Por Peter Dockrill
Publicado na ScienceAlert
A descoberta de um crânio de 2 milhões de anos em uma caverna sul-africana está mudando o que pensamos saber sobre um dos ancestrais primitivos da humanidade, relatam cientistas em um novo estudo.
Mas o espécime fóssil recém-desenterrado da extinta espécie humana Paranthropus robustus também está fornecendo aos pesquisadores uma perspectiva única sobre as transformações que as mudanças climáticas podem desencadear em uma população que vive sob estresse ambiental – estimulando adaptações que podem tornar a vida mais fácil e mais provável a sobrevivência.
P. robustus, assim chamado por causa de sua aparência robusta por conta do crânio, mandíbula e dentes grandes e largos, surgiu cerca de 2 milhões de anos atrás na África do Sul e eventualmente se tornou uma das primeiras espécies de hominídeos descobertas e estudadas por antropólogos em meados do século 20.
Parece, porém, que nem todos os indivíduos da espécie P. robustus eram igualmente robustos, e sabemos disso graças ao espécime recém-descoberto, identificado como DNH 155.
DNH 155, descoberto em 2018 por um estudante em uma expedição de campo no sistema de cavernas Drimolen a noroeste de Joanesburgo, parece ser um pouco diferente de seus parentes P. robustus, pelo menos com base na evidência fóssil descoberta até agora.
DNH 155, um macho, é significativamente menor do que outros espécimes de P. robustus tidos como machos, que foram recuperados de um local próximo chamado Swartkrans. Na verdade, a estatura menor do DNH 155 se assemelha mais a um indivíduo fêmea, conhecido como DNH 7, também encontrado na pedreira de Drimolen.
Mas há mais do que uma geografia que divide essas duas populações antigas. Há também a questão do tempo: cerca de 200.000 anos, mais ou menos.
“Drimolen é mais antigo que Swartkrans em cerca de 200.000 anos, então acreditamos que o P. robustus evoluiu ao longo do tempo, com Drimolen representando uma população inicial e Swartkrans representando uma população posterior, mais deriva anatomicamente”, explica o coautor e candidato a PhD em paleociência Jesse Martin de Universidade La Trobe na Austrália.

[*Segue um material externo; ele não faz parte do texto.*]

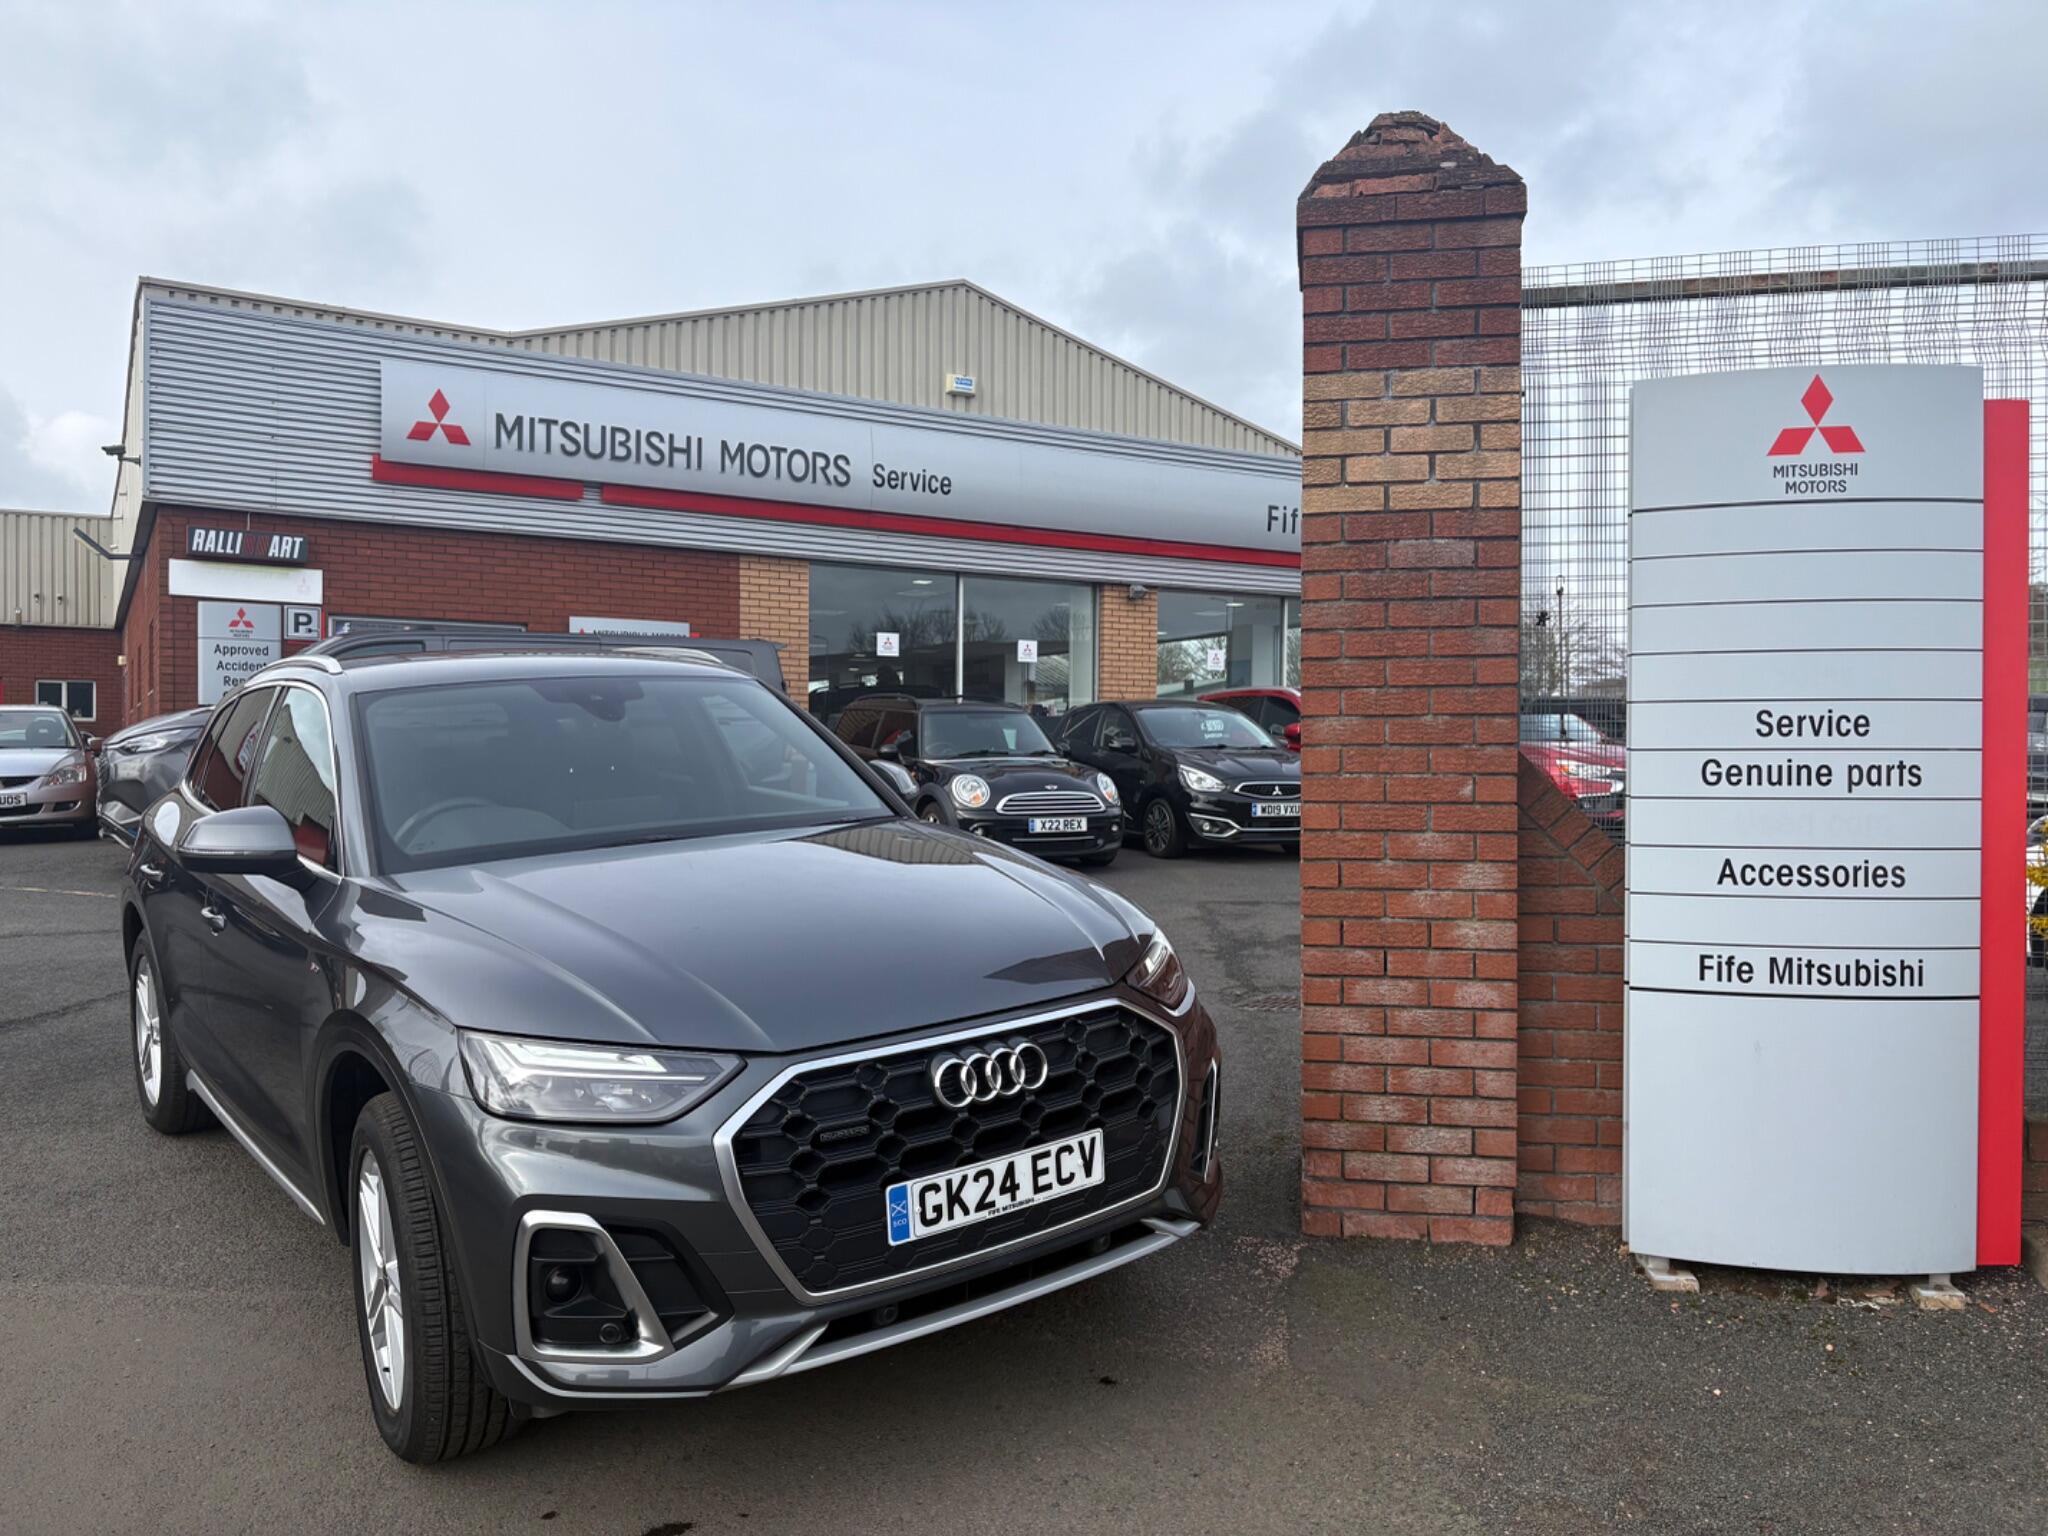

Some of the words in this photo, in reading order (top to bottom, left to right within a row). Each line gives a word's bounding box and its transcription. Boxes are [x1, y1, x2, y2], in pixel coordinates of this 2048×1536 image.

[495, 412, 703, 471] MITSUBISHI
[720, 439, 852, 488] MOTORS
[872, 463, 952, 496] Service
[1773, 463, 1858, 478] MITSUBISHI
[1785, 480, 1847, 494] MOTORS
[1267, 505, 1298, 534] Fif
[294, 612, 312, 633] P
[214, 644, 269, 657] Approved
[1755, 709, 1871, 738] Service
[1701, 758, 1833, 787] Genuine
[1847, 760, 1923, 793] parts
[1041, 820, 1060, 831] X22
[1064, 819, 1082, 830] REX
[1717, 858, 1906, 888] Accessories
[1699, 954, 1754, 984] Fife
[1769, 957, 1924, 987] Mitsubishi
[919, 1161, 1020, 1228] GK24
[1031, 1136, 1096, 1195] ECV

Em seu novo estudo, Martin e sua equipe afirmam que o DNH 155 e o DNH 7 fornecem um vislumbre de um estado primitivo de P. robustus antes que as mudanças microevolutivas ao longo dos próximos 200 milênios encorajassem as adaptações vistas no conjunto de Swartkrans.

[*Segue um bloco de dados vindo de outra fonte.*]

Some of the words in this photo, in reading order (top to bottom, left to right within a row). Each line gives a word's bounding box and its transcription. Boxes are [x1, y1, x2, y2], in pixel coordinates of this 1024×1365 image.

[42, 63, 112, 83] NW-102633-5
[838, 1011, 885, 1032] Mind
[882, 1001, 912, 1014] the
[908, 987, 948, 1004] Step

Um dos principais fatores que poderiam ter ocasionado tal evento, pensam os pesquisadores, foi um episódio de mudança climática que afetou a paisagem sul-africana há cerca de 2 milhões de anos, no qual o ambiente se tornou mais aberto, seco e frio.
Essas mudanças teriam deixado sua marca em muitas coisas, incluindo os tipos de alimentos que estavam disponíveis para O P. robustus, necessitando de uma mordida e uma mastigação mais forte para uma vegetação mais resistente – alimentos que não teriam sido tão fáceis para DNH 155 e DNH 7 mascar e mastigar, dada a disposição de seus dentes e músculos da mastigação.

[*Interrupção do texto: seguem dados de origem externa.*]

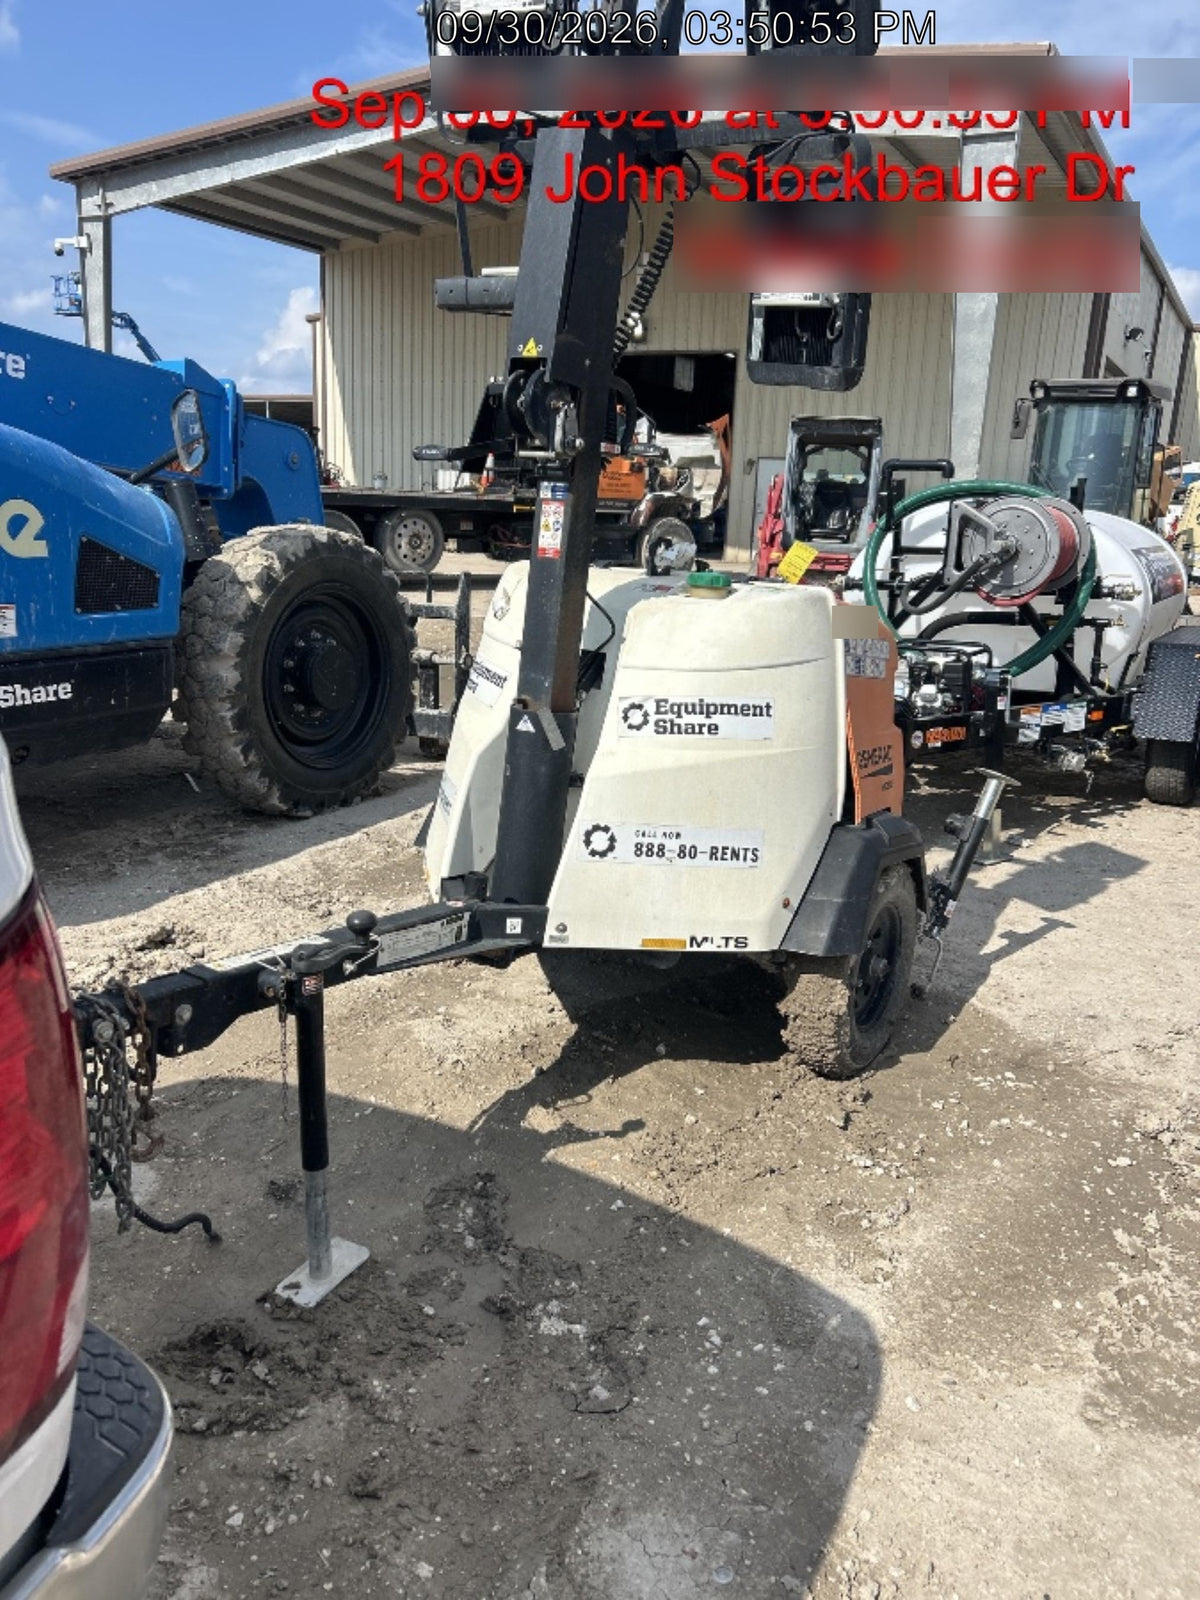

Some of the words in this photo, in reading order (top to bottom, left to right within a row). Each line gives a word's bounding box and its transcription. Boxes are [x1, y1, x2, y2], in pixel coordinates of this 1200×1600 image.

[0, 682, 74, 708] Share
[653, 698, 773, 719] Equipment
[653, 718, 720, 735] Share
[633, 841, 761, 863] 888-80-RENTS

“Quando comparado a espécimes geologicamente mais jovens do local próximo de Swartkrans, o crânio de Drimolen mostra muito claramente que não estava bem adaptado para comer esses itens desafiadores do menu”, disse o antropólogo evolucionário Gary Schwartz, da Universidade do Estado do Arizona (EUA).
Apesar das adaptações bem-sucedidas que mudaram lentamente o corpo do P. robustus ao longo de cerca de 200.000 anos, infelizmente elas não foram suficientes. A espécie acabou morrendo. Mais ou menos na mesma época, nosso ancestral direto, o Homo erectus, também estava surgindo na mesma parte do mundo.
“Essas duas espécies muito diferentes, H. erectus com seus cérebros relativamente grandes e dentes pequenos, e P. robustus com seus dentes relativamente grandes e cérebros pequenos, representam experimentos evolutivos divergentes”, diz a coautora e arqueóloga Angeline Leece, da Universidade La Trobe.
“Embora fôssemos a linhagem que venceu no final, o registro fóssil sugere que o P. robustus era muito mais comum do que o H. erectus na paisagem há 2 milhões de anos”.
Os resultados são relatados na Nature Ecology & Evolution.